YÜKSEK PERFORMANS ÖNÜNDE ENGELLER VAR 
KPMG araştırmasına göre yüksek performans gösteren bir yönetim kurulu oluşturmanın önünde önemli engeller bulunuyor. Araştırmaya katılanların sıklıkla belirttiği engel “hem genel iş deneyimine hem de şirketin ihtiyaç duyduğu özellikli uzmanlığa sahip yönetim kurulu üyesi bulmak” olarak göze çarpıyor. Yönetim kurulunun geleceğe yönelik yetenek ihtiyaçlarını saptamak ikinci sırada yer alırken, bunu statükocu düşünce yapısı nedeniyle değişime karşı direnç izliyor. Anketin Türkiye katılımcılarına göre ise statükocu bir düşünce yapısı nedeniyle değişime direnç birinci sırada yer alırken, ikinci sırada güçlü bir yönetim kurulu performans değerlendirme sisteminin eksikliği, üçüncü sırada ise soru sormayı ve açık tartışmayı teşvik etmeyen bir yönetim kurulu kültürü geliyor.

RESMİ BİR ARDIL PLANI BULUNMUYOR 
KPMG araştırmasının sonuç bölümünde en uygun yönetim kurulu yapısının elde edilmesi için ardıl planlamasının önemine vurgu yapılarak çok az sayıda yönetim kurulunun resmi bir ardıl planı bulunduğuna dikkat çekildi.

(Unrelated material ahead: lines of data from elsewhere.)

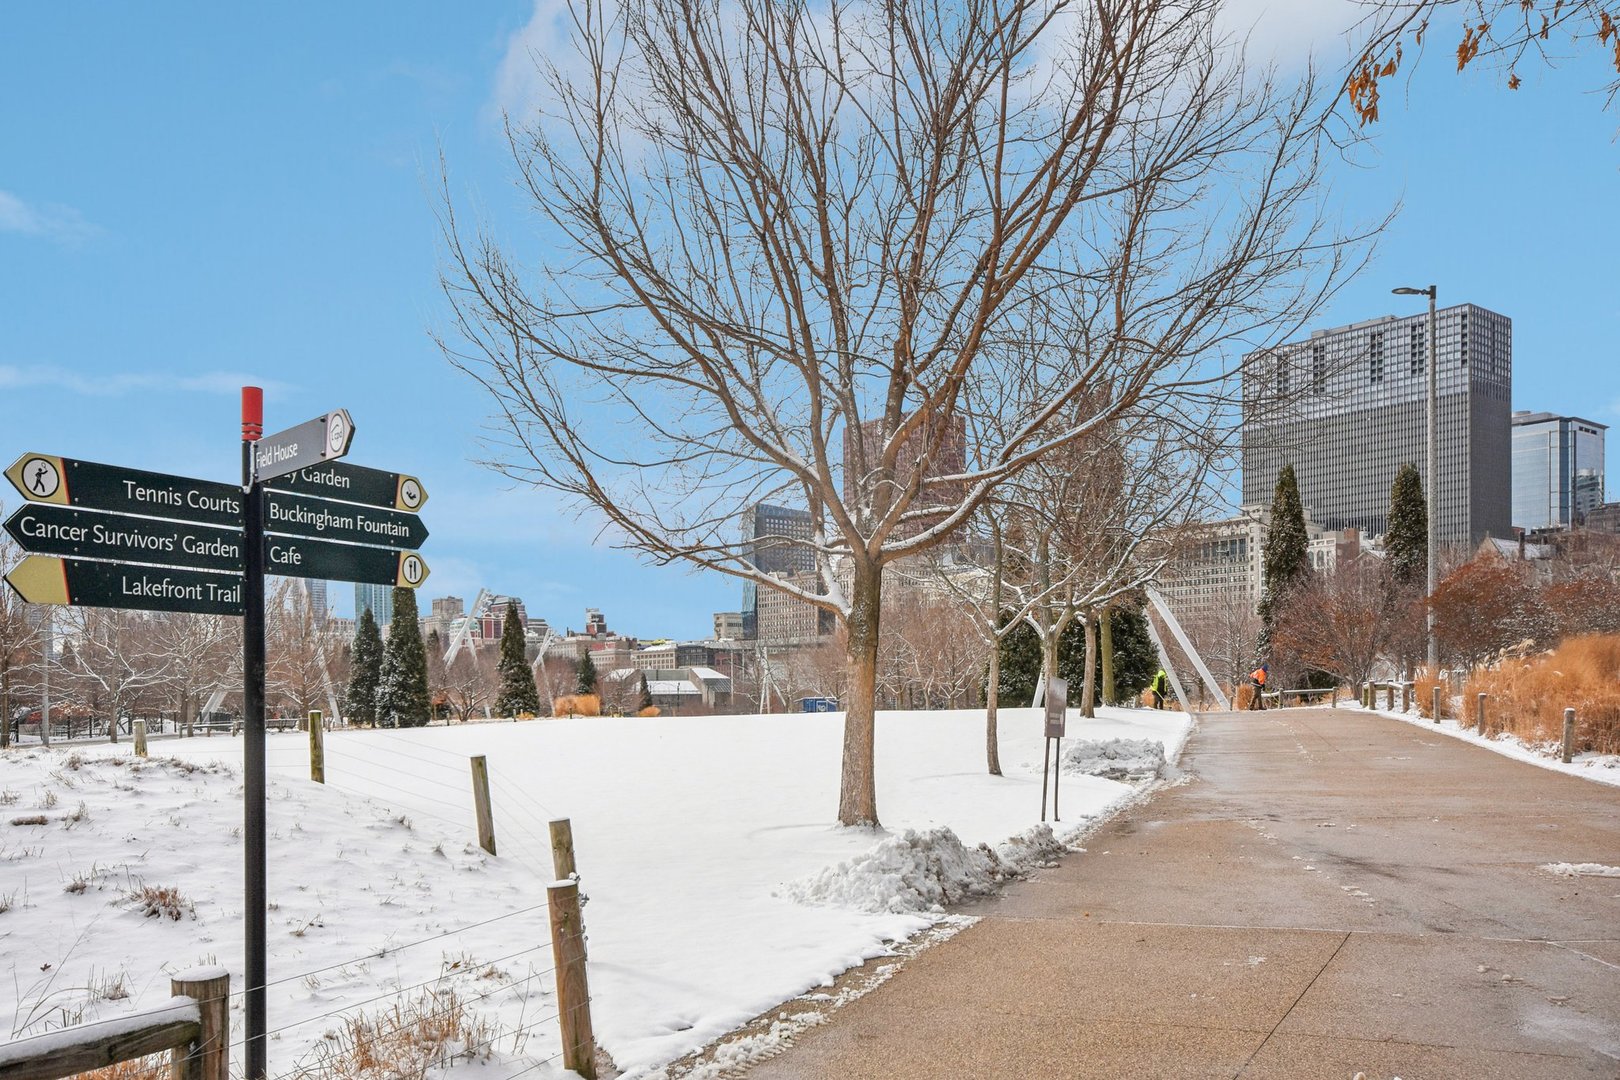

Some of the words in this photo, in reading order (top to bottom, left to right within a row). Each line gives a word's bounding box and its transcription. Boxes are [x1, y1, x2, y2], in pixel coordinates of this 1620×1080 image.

[256, 445, 272, 469] Field
[273, 443, 298, 463] House
[301, 467, 350, 489] Garden
[123, 480, 182, 506] Tennis
[187, 490, 240, 514] Courts
[270, 503, 353, 531] Buckingham
[357, 516, 409, 537] Fountain
[20, 516, 88, 542] Cancer
[182, 535, 239, 558] Garden
[270, 546, 301, 565] Cafe
[122, 576, 202, 600] Lakefront
[206, 583, 241, 603] Trail

Araştırmaya katılanların büyük çoğunluğu, resmi bir yönetim kurulu ardıl planının doğru yönetim kurulu yapısı elde etmek için önemli bir mekanizma olduğunu söylemesine rağmen, genelin yüzde 31’i Türkiye’den katılanların ise sadece yüzde 12’si resmi bir planın yürürlükte olduğunu veya gelişim aşamasında olduğunu ifade etti.

MEKANİZMALAR YETERİ DERECEDE ÇALIŞTIRILMIYOR 
Araştırmada yönetim kurulu yapısının en uygun seviyede tutulmasına yardımcı olmak için önemli mekanizmaların bulunmasına rağmen, bu mekanizmaların yeteri derecede kullanılmadığı vurgulandı. Buna göre, araştırmaya katılanlar, doğru yönetim kurulu yapısı için en etkili mekanizmaların güçlü yönetim kurulu değerlendirmeleri ve resmi ardıl planları olduğunu ısrarla vurguladı. Ancak, yukarıda da belirtildiği üzere, çok az sayıda yönetim kurulunun resmi bir ardıl planı bulunuyor. 

TÜRKİYE’DE PERFORMANS DEĞERLENDİRME EKSİKLİĞİ YÜZDE 58  
Araştırmanın sonuçlarına göre, katılımcıların yaklaşık üçte biri yüksek performans gösteren bir yönetim kurulu oluşturma ve sürdürme yolundaki en önemli engel olarak “güçlü bir yönetim kurulu ve kurul üyesi performans değerlendirme sisteminin eksikliği”ni gösterdi. Bu görüşte olanların Türkiye’deki oranı yüzde 58 oldu. Diğer görüş yani  “düşük performans gösteren üyelerin değiştirilmesindeki zorluklar”ı en büyük engel olarak görenlerin Türkiye’deki oranı yüzde 29 oldu.